Sure, the party was a priority, but the idea of leaving a legacy was bigger. Previous classes left behind engraved bells, plaques and the like. The Class of 1954 opted to go another direction.

“We wanted to do something that would academically help the students,” said Nancy Smith, a 1954 graduate and president of the London board of education. Smith’s husband, Jim, also is a member of the Class of ’54.

The graduates decided to raise funds for new books for the district’s libraries. Each year until the 50th reunion, Smith sent out reminders to her fellow graduates, asking them to donate if they were willing and able. By the time 2004 rolled around, the class had raised $14,063.

“Everybody was pleasantly surprised by the amount,” Smith said.

Shortly after their 50th-year reunion, the Class of ’54 deposited the collection into a special account with the London Schools Foundation.

At last Monday night’s school board meeting, nearly four years after the deposit was made, K-8 media specialist Shauna Good and high school media specialist Fiona Young publically thanked the class for their generosity.

“You cannot imagine the thrill of receiving funds to replace and expand our libraries’ collections with new, beautiful, updated books for our students’ reading, as well as updated books with current information for research,” Good said.

Good explained that the donation was made the same year the new London Elementary school opened. The district’s librarians were merging and purging collections from the old elementary, Deercreek and Somerford buildings, and updating the middle and high school inventories.

The process took time, Smith said, and Good and Young wanted to make sure they spent the Class of ’54 donation wisely. As a result, they only recently depleted all but about $1,000 of the account. The remaining money will be used next school year.

With the donation, the district purchased approxi-mately 1,000 items, from books to DVDs.

Good is proud to report that the libraries at each building are thriving. Two at London Elementary—one for pre-K through second-graders and one for third- through fifth-graders—serves 1,000 students. The middle school library serves 502 sixth- through eighth-graders. The high school library serves 516 ninth- through 12-grade students. All totaled, students and staff checked out 17,948 items from the district’s libraries this school year, Good said.

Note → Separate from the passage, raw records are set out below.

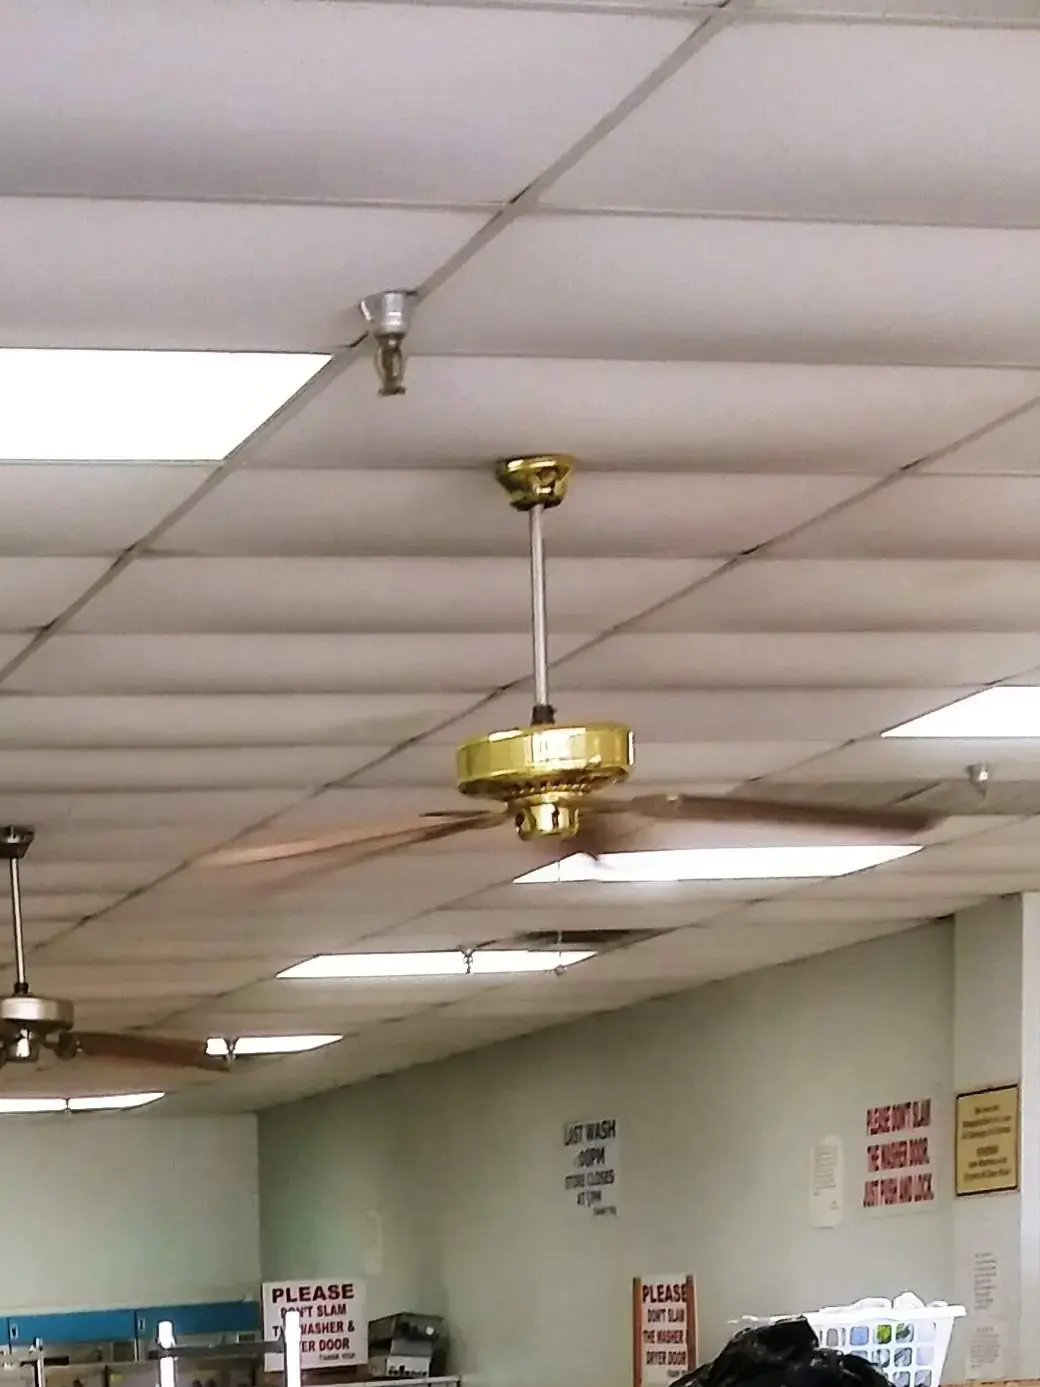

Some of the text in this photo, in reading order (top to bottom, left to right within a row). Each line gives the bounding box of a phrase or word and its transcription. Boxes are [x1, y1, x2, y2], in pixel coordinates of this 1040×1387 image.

[271, 1283, 355, 1304] PLEASE
[642, 1283, 687, 1303] PLEASE
[316, 1303, 347, 1318] SLAM
[347, 1320, 355, 1333] &
[318, 1337, 350, 1352] DOOR
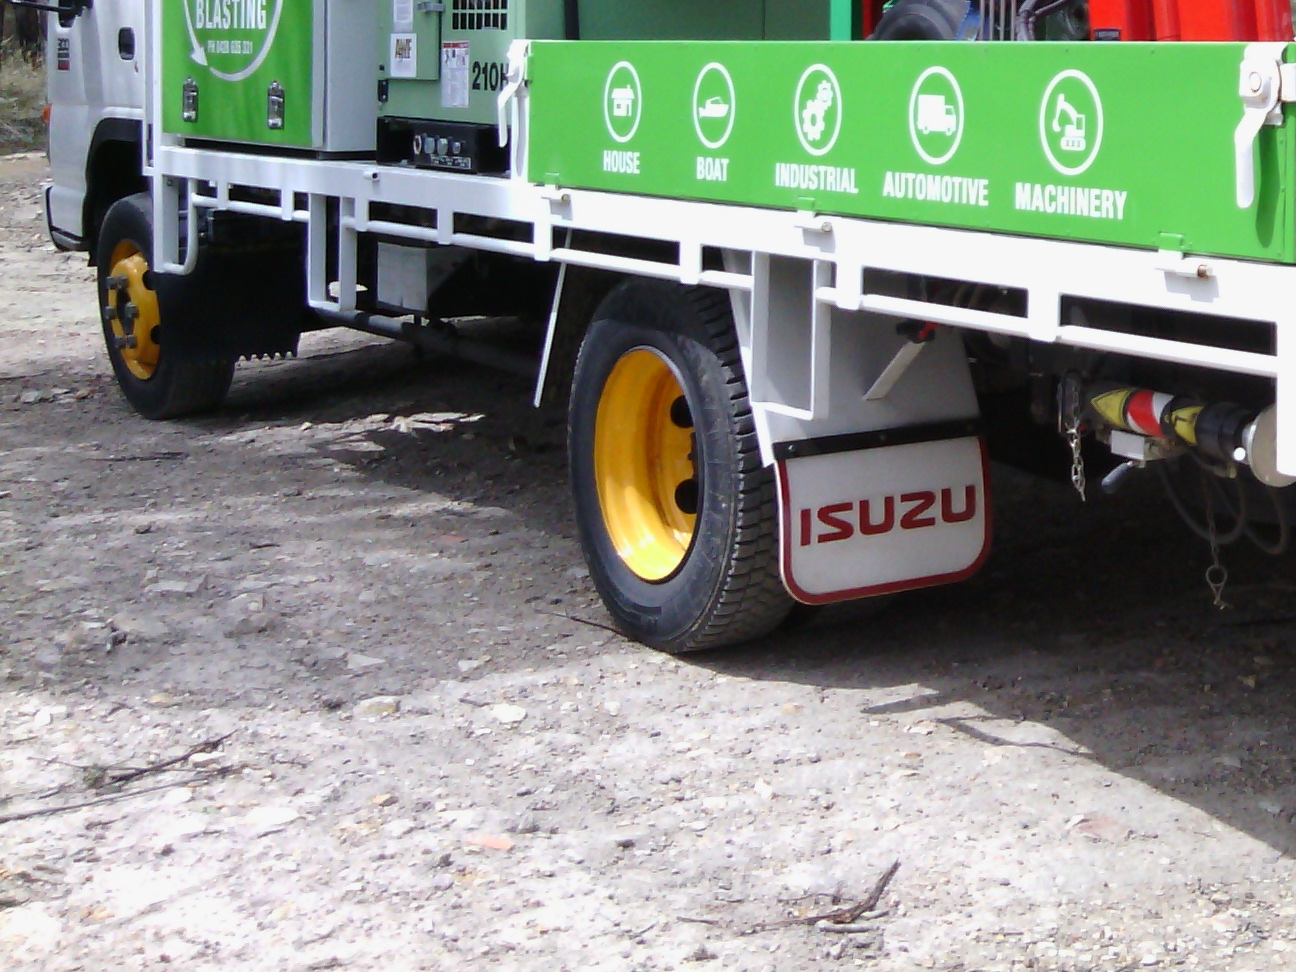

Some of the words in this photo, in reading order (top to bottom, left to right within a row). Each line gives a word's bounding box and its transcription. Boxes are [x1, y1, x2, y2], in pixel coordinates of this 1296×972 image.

“I think this speaks volumes for the libraries of London City Schools,” she added.

To “keep a helpline open to the libraries,” Jim Smith suggests that other classes start legacy campaigns of their own.

Smith and several other representatives of the Class of 1954 were on hand for the May 19 school board meeting at which they accepted thank-yous for their donations and celebrated the libraries’ successes. The media specialists treated the alumni to a reception and tour of the elementary and high school libraries. They decorated the halls with enlarged photos from the 1954 yearbook and presented the group with an oversized thank-you card signed by students.

While the graduates’ intentions were to leave a legacy not etched in stone, but rather in print, a more direct reminder could not be avoided. To show their appreciation, the district’s media specialists are mounting plaques in each of the district’s libraries in honor of the Class of 1954.